## What you need to do
Copy out the listing that follows exactly, dropping every picture.
═══ Source material
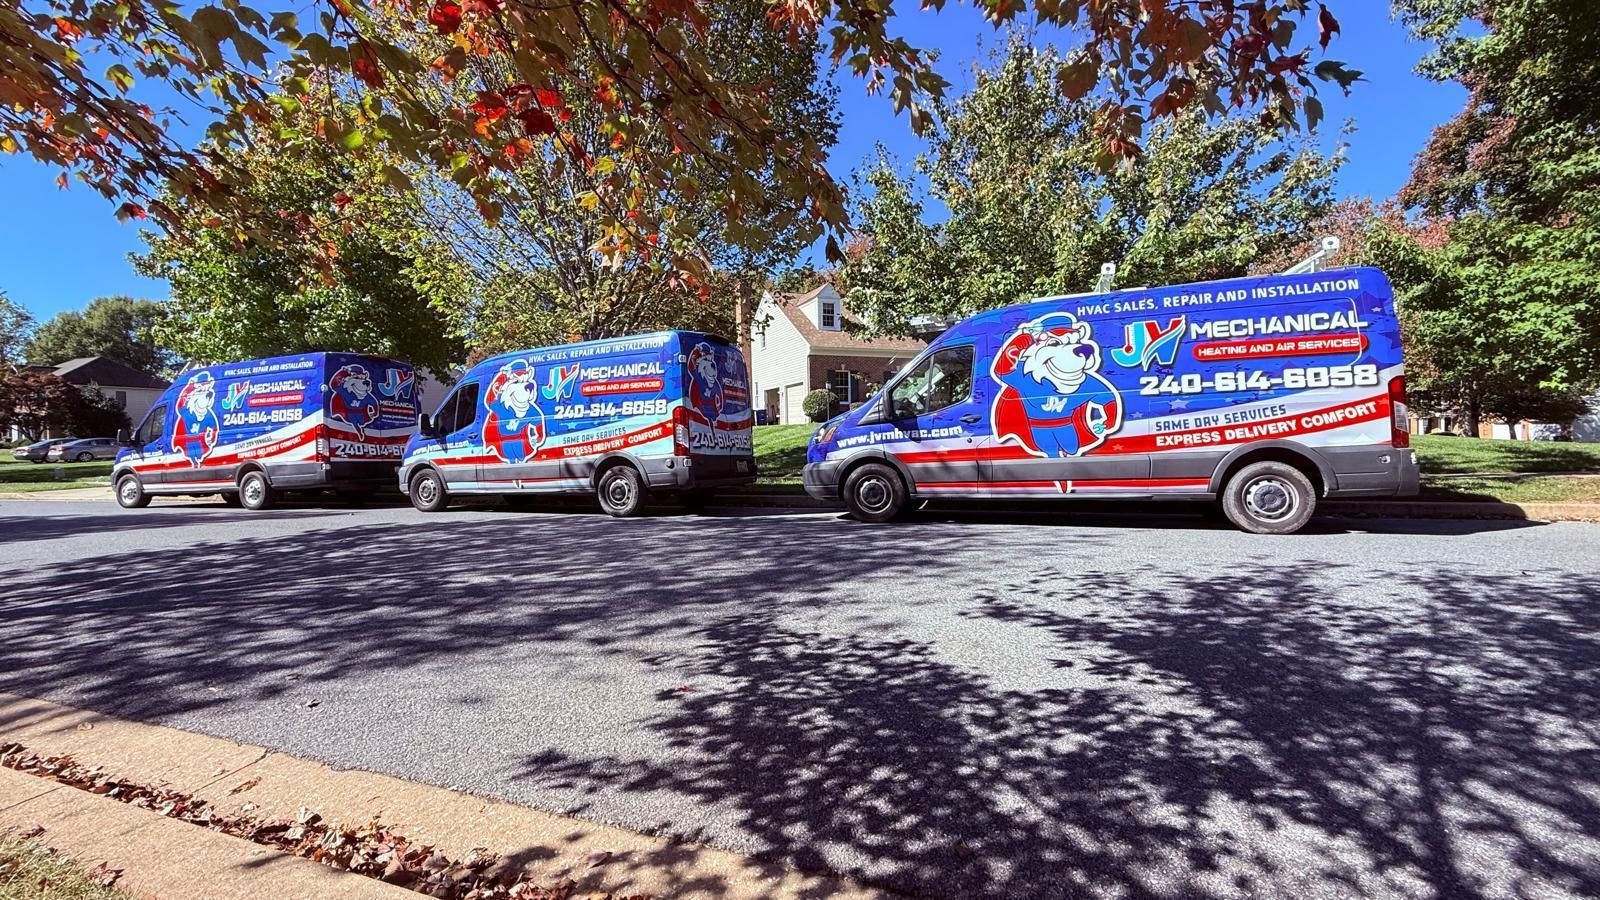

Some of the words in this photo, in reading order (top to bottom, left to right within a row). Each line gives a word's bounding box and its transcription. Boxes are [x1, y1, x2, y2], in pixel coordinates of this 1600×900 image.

[1077, 304, 1111, 316] HVAC
[1114, 299, 1159, 313] SALES,
[1163, 292, 1212, 308] REPAIR
[1216, 290, 1247, 302] AND
[1252, 279, 1359, 299] INSTALLATION
[529, 355, 546, 364] HVAC
[570, 349, 594, 358] REPAIR
[595, 346, 611, 355] AND
[612, 340, 664, 353] INSTALLATION
[1111, 314, 1186, 371] JV
[1190, 310, 1369, 339] MECHANICAL
[1198, 344, 1247, 357] HEATING
[1249, 343, 1274, 354] AND
[1275, 341, 1295, 352] AIR
[1298, 337, 1360, 351] SERVICES
[249, 380, 306, 394] MECHANICAL
[378, 368, 415, 401] JV
[541, 362, 580, 402] JV
[580, 361, 665, 381] MECHANICAL
[582, 385, 607, 393] HEATING
[620, 383, 630, 391] AIR
[631, 380, 661, 390] SERVICES
[1140, 364, 1379, 395] 240-614-6058
[223, 408, 303, 426] 240-614-6058
[554, 399, 668, 419] 240-614-6058
[1155, 418, 1190, 431] SAME
[1194, 415, 1219, 428] DAY
[1224, 404, 1287, 424] SERVICES
[1156, 431, 1221, 446] EXPRESS
[1224, 420, 1297, 440] DELIVERY
[1301, 401, 1377, 429] COMFORT
[562, 436, 580, 445] SAME
[581, 433, 594, 442] DAY
[596, 427, 627, 439] SERVICES
[563, 444, 592, 456] EXPRESS
[593, 438, 625, 452] DELIVERY
[628, 427, 663, 444] COMFORT
[836, 425, 963, 448] www.jvmhvac.com
[335, 443, 405, 456] 240-614-60
══════
## Result of the task
Some of the words in this photo, in reading order (top to bottom, left to right within a row). Each line gives a word's bounding box and its transcription. Boxes are [x1, y1, x2, y2], in pixel coordinates of this 1600×900 image.

[1077, 304, 1111, 316] HVAC
[1114, 299, 1159, 313] SALES,
[1163, 292, 1212, 308] REPAIR
[1216, 290, 1247, 302] AND
[1252, 279, 1359, 299] INSTALLATION
[529, 355, 546, 364] HVAC
[570, 349, 594, 358] REPAIR
[595, 346, 611, 355] AND
[612, 340, 664, 353] INSTALLATION
[1111, 314, 1186, 371] JV
[1190, 310, 1369, 339] MECHANICAL
[1198, 344, 1247, 357] HEATING
[1249, 343, 1274, 354] AND
[1275, 341, 1295, 352] AIR
[1298, 337, 1360, 351] SERVICES
[249, 380, 306, 394] MECHANICAL
[378, 368, 415, 401] JV
[541, 362, 580, 402] JV
[580, 361, 665, 381] MECHANICAL
[582, 385, 607, 393] HEATING
[620, 383, 630, 391] AIR
[631, 380, 661, 390] SERVICES
[1140, 364, 1379, 395] 240-614-6058
[223, 408, 303, 426] 240-614-6058
[554, 399, 668, 419] 240-614-6058
[1155, 418, 1190, 431] SAME
[1194, 415, 1219, 428] DAY
[1224, 404, 1287, 424] SERVICES
[1156, 431, 1221, 446] EXPRESS
[1224, 420, 1297, 440] DELIVERY
[1301, 401, 1377, 429] COMFORT
[562, 436, 580, 445] SAME
[581, 433, 594, 442] DAY
[596, 427, 627, 439] SERVICES
[563, 444, 592, 456] EXPRESS
[593, 438, 625, 452] DELIVERY
[628, 427, 663, 444] COMFORT
[836, 425, 963, 448] www.jvmhvac.com
[335, 443, 405, 456] 240-614-60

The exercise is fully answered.